[This is the fourth part of a review of Alan Cameron’s The Last Pagans of Rome (2011); the first part is here.]
I argued that Cameron’s thesis that there was no late fourth-century pagan revival looks convincing. However, this could also be said of Gibbon’s reconstruction of the events, which looked convincing for no less than two centuries. How can we establish which theory is better, in a field of scholarship where eight sources is many? We cannot test the two theories empirically: the necessary facts are too ‘soft’.
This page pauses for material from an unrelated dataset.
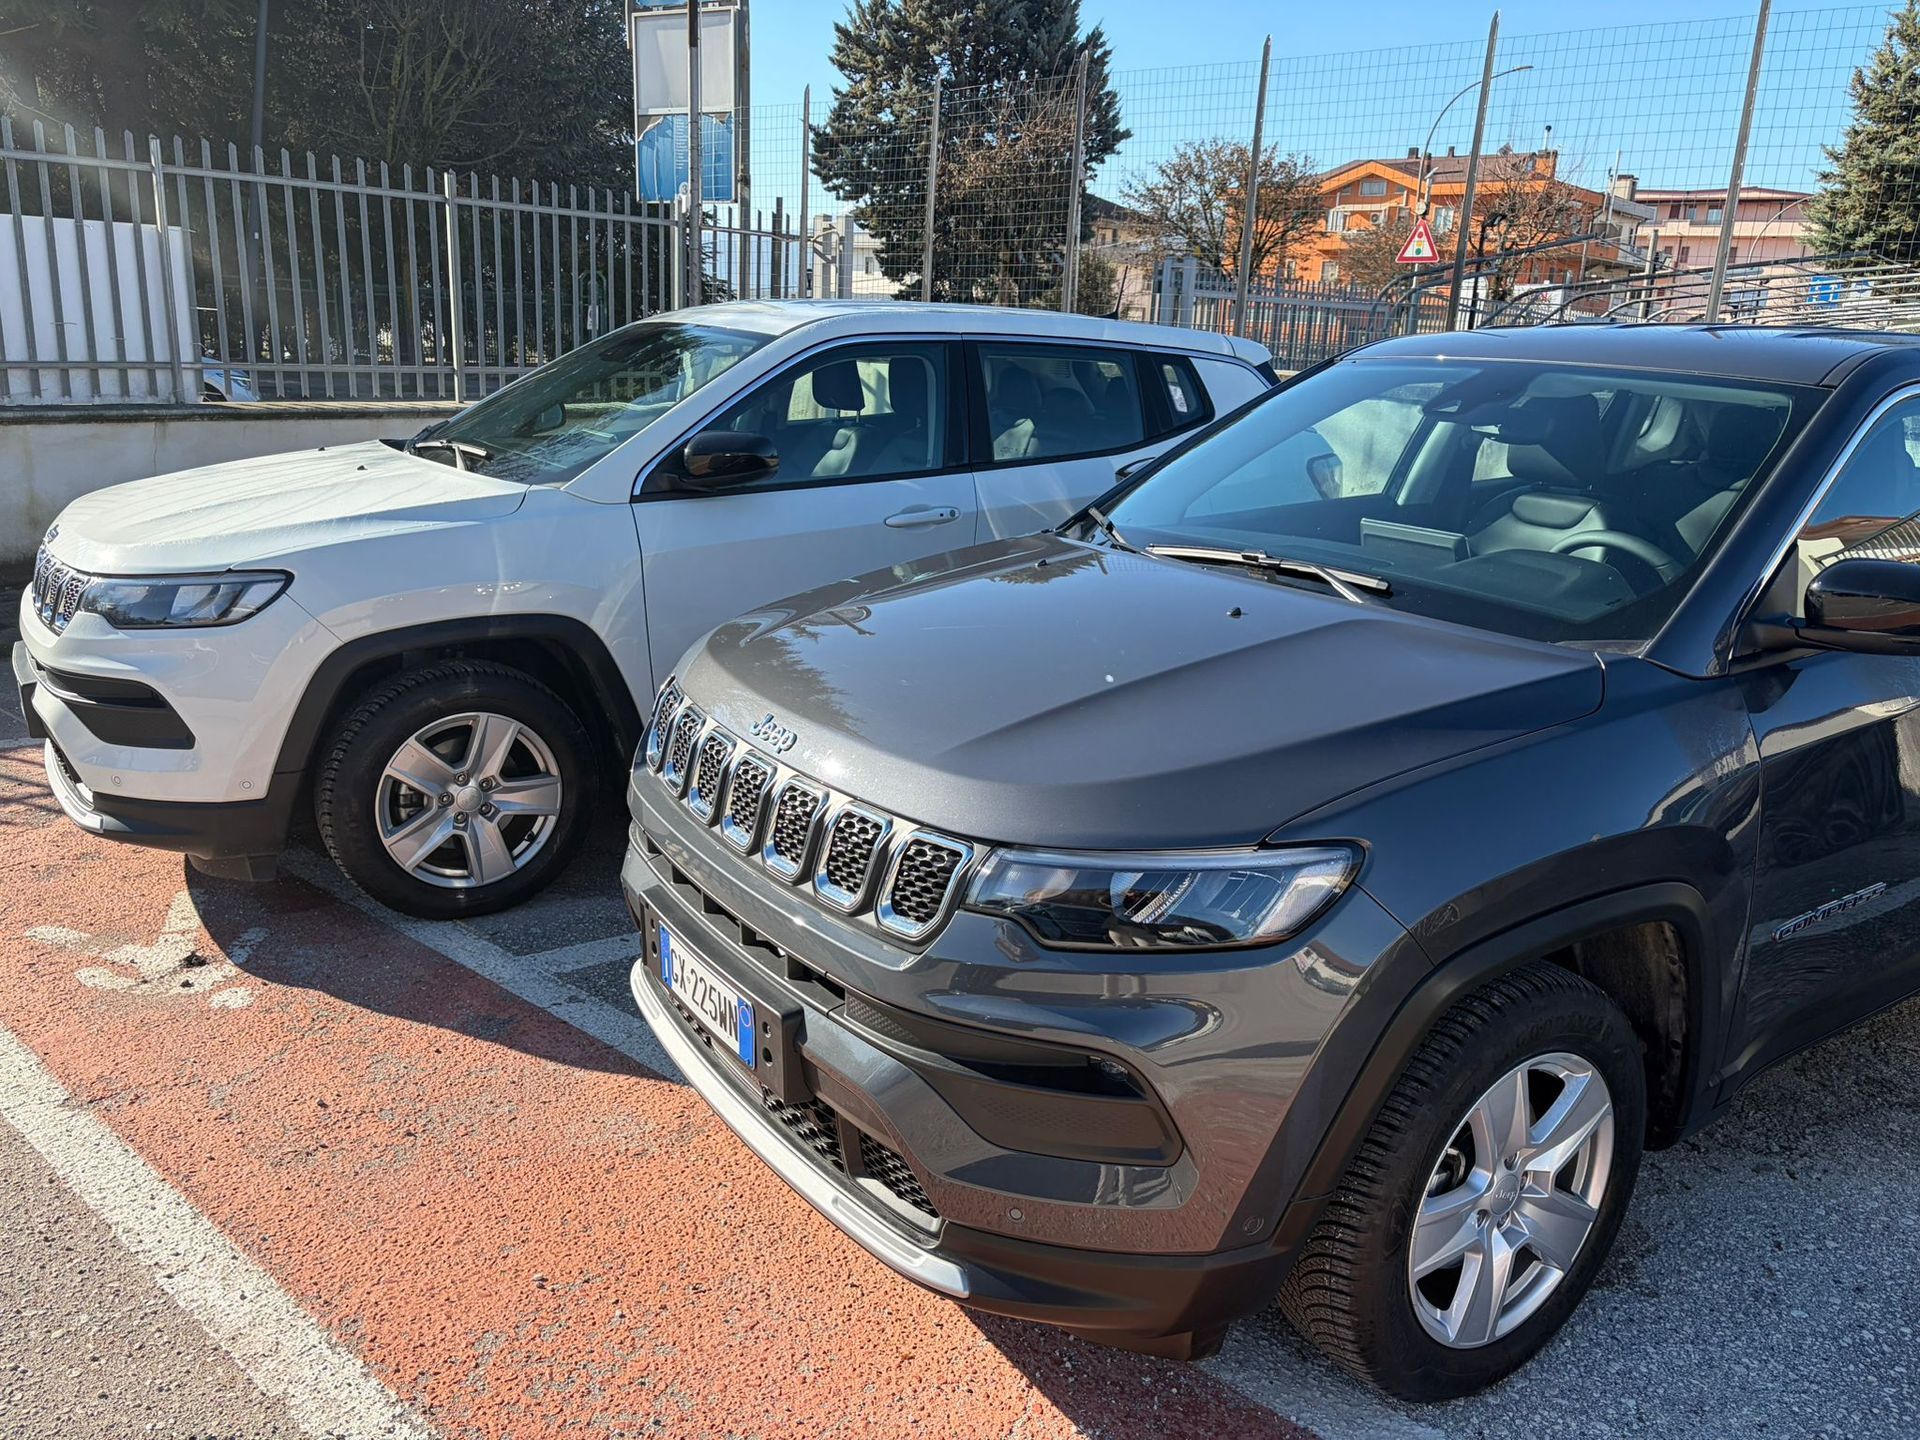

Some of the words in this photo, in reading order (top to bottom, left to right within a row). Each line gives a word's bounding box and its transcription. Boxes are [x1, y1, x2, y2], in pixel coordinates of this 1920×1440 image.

[750, 712, 798, 754] Jeep
[1771, 882, 1887, 942] COMPASS
[1495, 1189, 1516, 1202] Jeep
In situations like these, we need a logical principle to proceed. To paraphrase Karl Popper: the theory that tells most, is to be preferred. That is to say, a theory that has more empirical content: covering more ancient information of a more diverse nature. Now Cameron covers more ground than all of the earlier scholars: even though the number of sources has not expanded very much, he deals with more coins, more inscriptions, more objects of art. Our lack of information about this age is still disastrous, but Cameron uses his small advantage completely. There is not a single aspect of Late Antiquity – or at least the Latin part of it, because I would have loved to read more about the eastern half of the Empire – that he does not discuss.
This means that his book is also very long: 808 pages of text, excluding the index, an appendix and a “selected” bibliography of forty-six pages of fine print. You need to know something about Late Antiquity (don’t consider buying it if Rutilius Namatianus is unknown to you), but Cameron offers at least two weeks of intellectual adventure. This was the most interesting and rewarding book I have read since the fourth volume of Meyer’s Marginal Jew.
Complex and detailed, but The Last Pagans of Rome is superb. Summarized unfriendly, Cameron proves that paganism did not resist Christianity. How could it have been different? Christians were well-organized, while the pagans did not recognize themselves as one group, and never organized themselves.
But as Cameron indicates, there’s another, more positive way to look at it. The classical tradition was so completely absorbed by Christianity that we often cannot identify who was pagan and who was Christian. Both parties cared for the classical heritage. This has still consequences for us: the classical canon that we know, which includes texts in “silver Latin”, is not identical to the set of texts that was most popular when Rome was at its cultural zenith. What we can read today, reflects the taste of Late Antiquity.
The opposition between Christians and pagans, in which only the last-mentioned were the keepers of the classics, is a false one. Not the fathers of the Church and the fanatical pagans are typical for the late fourth century, but the moderates, who changed religion but did not abandon the classics. I imagine they were just too polite and well-mannered to make religion a divisive issue. With one host, they joined in a Christian prayer; upon entering another house, they burned some incense for the ancestors. And when they went home, they invited a rabbi to bless the crops: his blessing had been beneficial in the past, so why stop now?
This ambiguity may explain why Bacurius, the officer I mentioned in the first part of this laudatio review, was considered a Christian by a Christian, and a pagan by a pagan.